Spatial localization data:
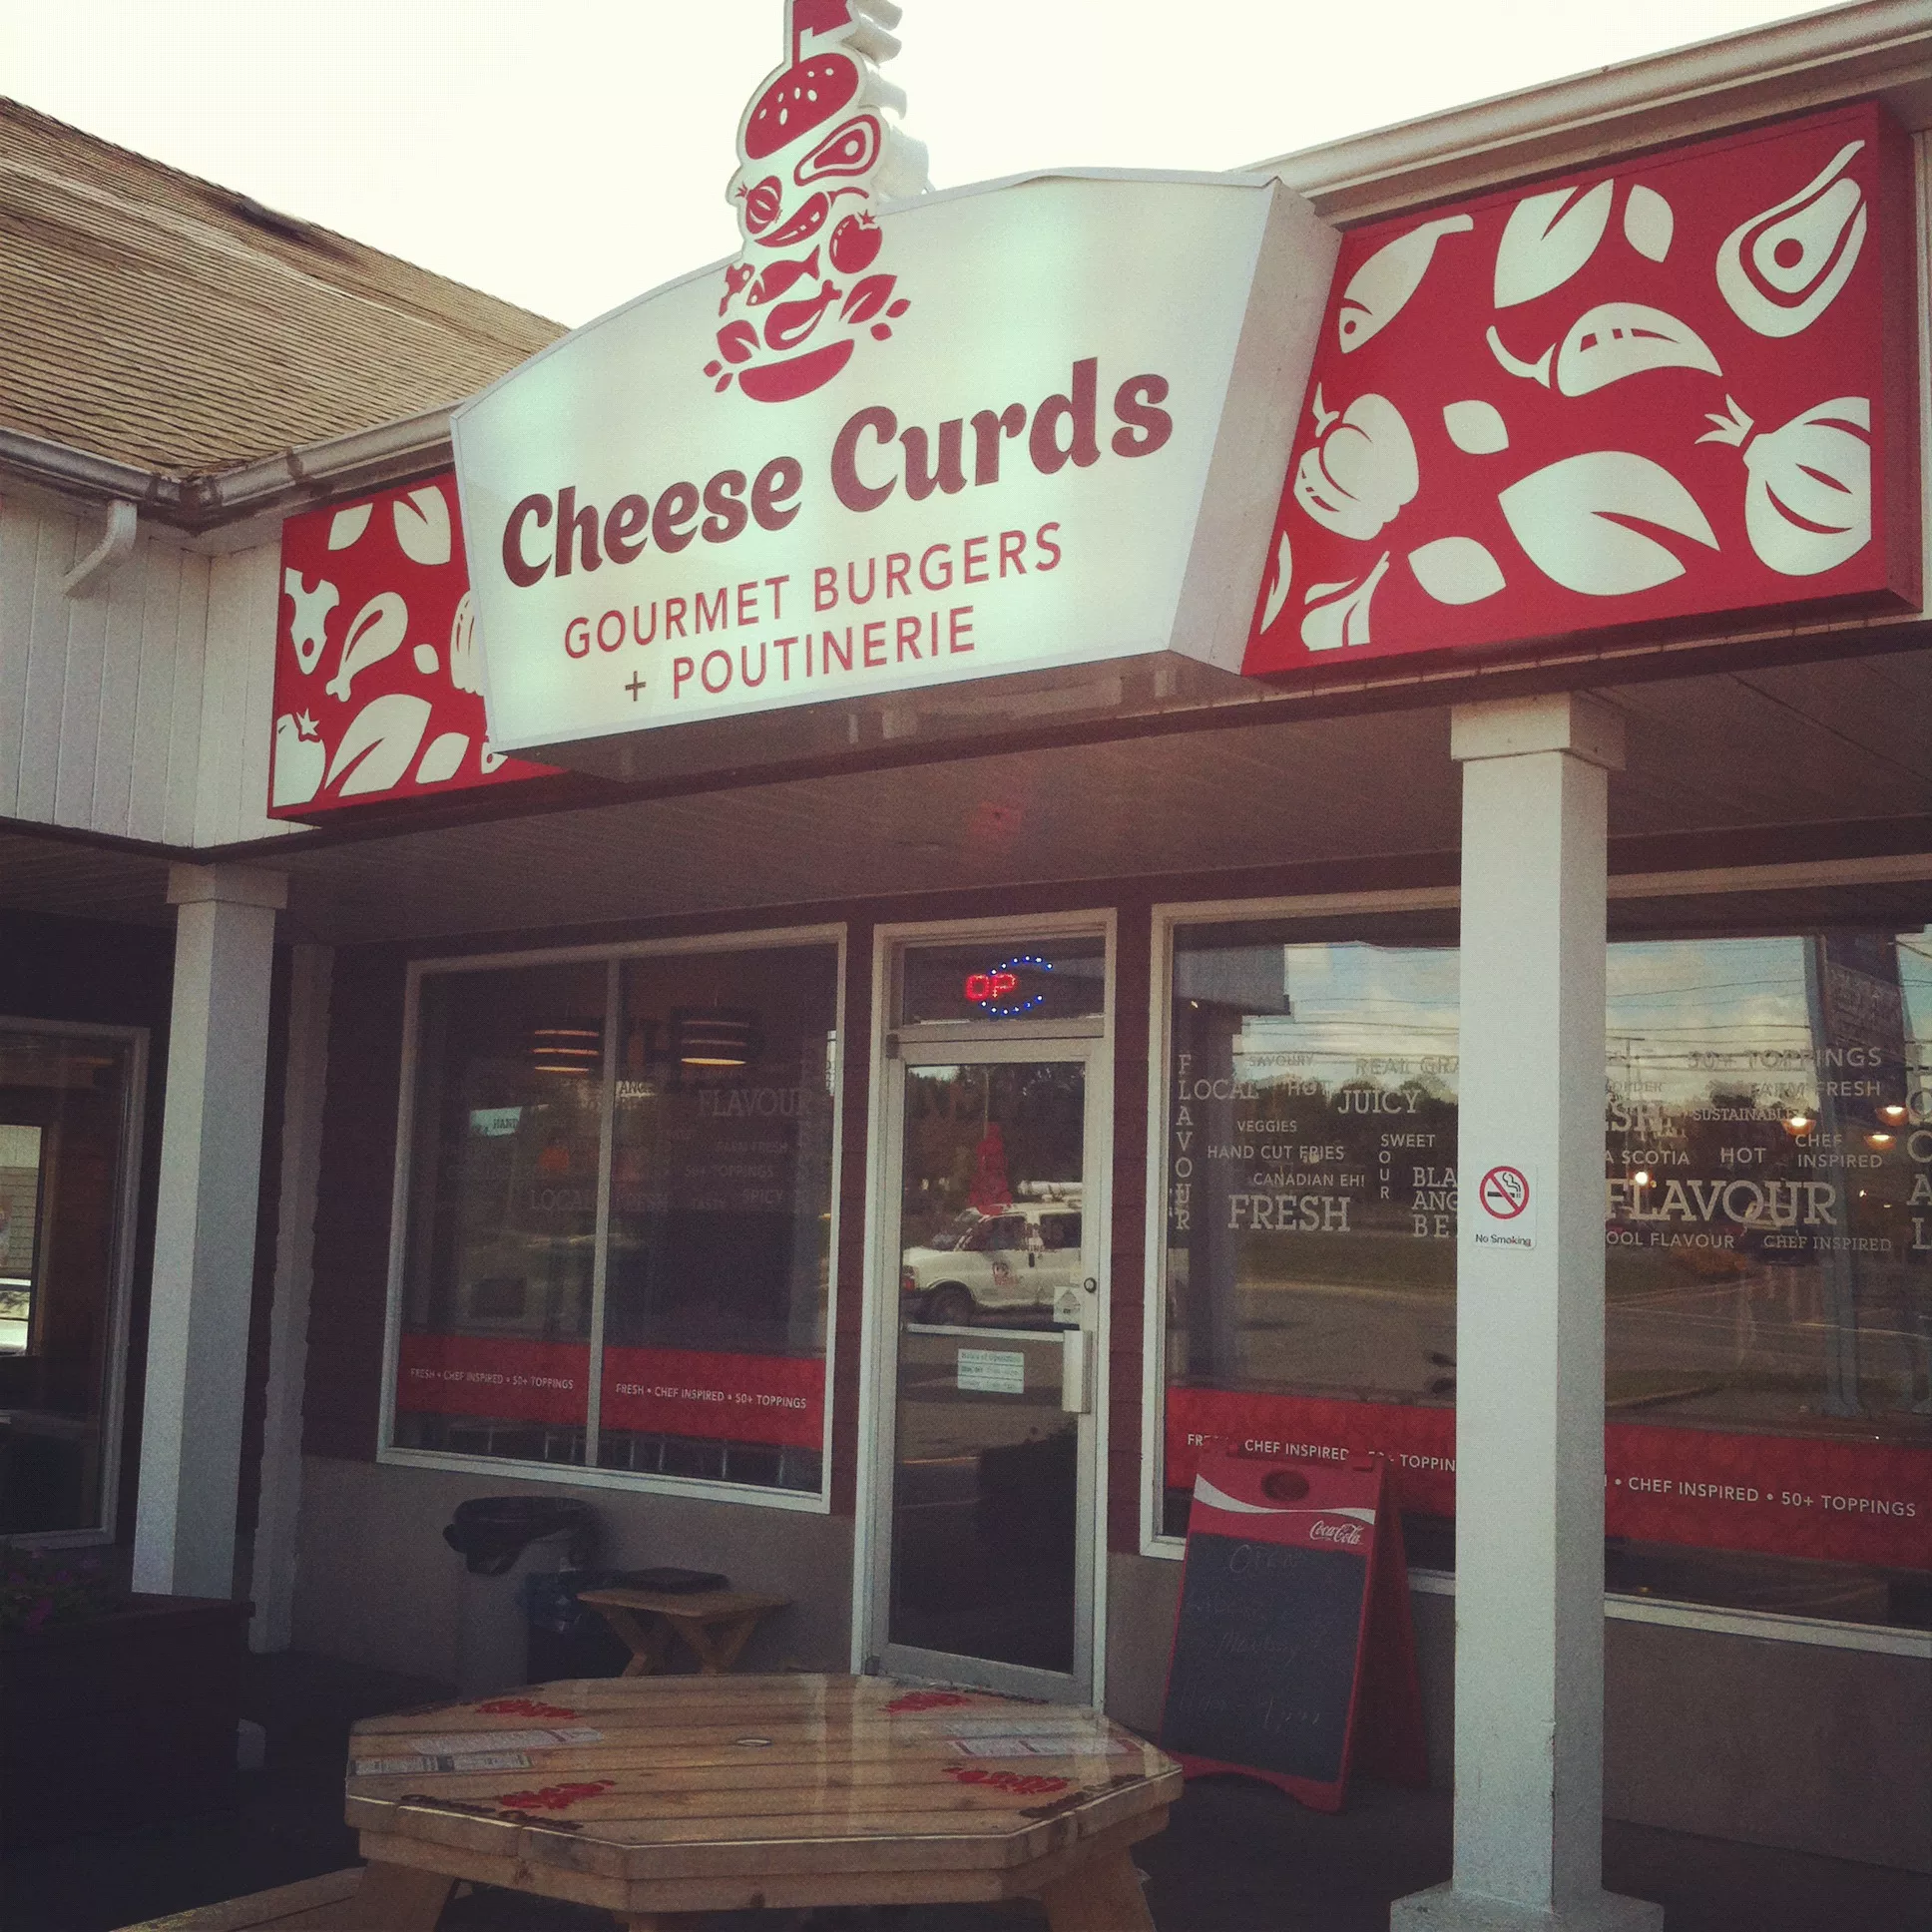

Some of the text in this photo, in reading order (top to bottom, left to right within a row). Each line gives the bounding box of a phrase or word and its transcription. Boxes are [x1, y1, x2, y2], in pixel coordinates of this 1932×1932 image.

[502, 356, 1173, 589] Cheese Curds
[565, 521, 1063, 660] GOURMET BURGERS
[625, 605, 975, 702] + POUTINERIE
[1248, 1055, 1314, 1067] SAVOURY
[1179, 1079, 1259, 1100] LOCAL
[1817, 1081, 1881, 1097] FRESH
[698, 1088, 812, 1117] FLAVOUR
[1337, 1089, 1422, 1115] JUICY
[1692, 1108, 1797, 1123] SUSTAINABLE
[1236, 1120, 1298, 1134] VEGGIES
[1175, 1054, 1194, 1229] FLAVOUR
[1380, 1134, 1436, 1148] SWEET
[1794, 1134, 1843, 1149] CHEF
[1208, 1146, 1345, 1161] HAND CUT FRIES
[1622, 1150, 1691, 1166] SCOTIA
[1720, 1147, 1767, 1165] HOT
[1797, 1154, 1883, 1169] INSPIRED
[1253, 1173, 1365, 1189] CANADIAN EH!
[1605, 1178, 1837, 1225] FLAVOUR
[1227, 1195, 1351, 1232] FRESH
[1412, 1213, 1457, 1238] BE
[1475, 1233, 1532, 1247] No Smoking
[1650, 1233, 1735, 1248] FLAVOUR
[1763, 1234, 1892, 1251] CHEF INSPIRED
[410, 1367, 435, 1379] FRESH
[443, 1370, 465, 1381] CHEF
[466, 1371, 503, 1385] INSPIRED
[531, 1376, 574, 1390] TOPPINGS
[616, 1383, 807, 1409] FRESH CHEF INSPIRED 50+ TOPPINGS
[1244, 1439, 1280, 1454] CHEF
[1285, 1443, 1349, 1462] INSPIRED
[1629, 1477, 1916, 1518] CHEF INSPIRED 50+ TOPPINGS

#### Exercise objective
Images do not belong in the copy; reproduce all other parts of the records above verbatim.

#### Result
Some of the text in this photo, in reading order (top to bottom, left to right within a row). Each line gives the bounding box of a phrase or word and its transcription. Boxes are [x1, y1, x2, y2], in pixel coordinates of this 1932×1932 image.

[502, 356, 1173, 589] Cheese Curds
[565, 521, 1063, 660] GOURMET BURGERS
[625, 605, 975, 702] + POUTINERIE
[1248, 1055, 1314, 1067] SAVOURY
[1179, 1079, 1259, 1100] LOCAL
[1817, 1081, 1881, 1097] FRESH
[698, 1088, 812, 1117] FLAVOUR
[1337, 1089, 1422, 1115] JUICY
[1692, 1108, 1797, 1123] SUSTAINABLE
[1236, 1120, 1298, 1134] VEGGIES
[1175, 1054, 1194, 1229] FLAVOUR
[1380, 1134, 1436, 1148] SWEET
[1794, 1134, 1843, 1149] CHEF
[1208, 1146, 1345, 1161] HAND CUT FRIES
[1622, 1150, 1691, 1166] SCOTIA
[1720, 1147, 1767, 1165] HOT
[1797, 1154, 1883, 1169] INSPIRED
[1253, 1173, 1365, 1189] CANADIAN EH!
[1605, 1178, 1837, 1225] FLAVOUR
[1227, 1195, 1351, 1232] FRESH
[1412, 1213, 1457, 1238] BE
[1475, 1233, 1532, 1247] No Smoking
[1650, 1233, 1735, 1248] FLAVOUR
[1763, 1234, 1892, 1251] CHEF INSPIRED
[410, 1367, 435, 1379] FRESH
[443, 1370, 465, 1381] CHEF
[466, 1371, 503, 1385] INSPIRED
[531, 1376, 574, 1390] TOPPINGS
[616, 1383, 807, 1409] FRESH CHEF INSPIRED 50+ TOPPINGS
[1244, 1439, 1280, 1454] CHEF
[1285, 1443, 1349, 1462] INSPIRED
[1629, 1477, 1916, 1518] CHEF INSPIRED 50+ TOPPINGS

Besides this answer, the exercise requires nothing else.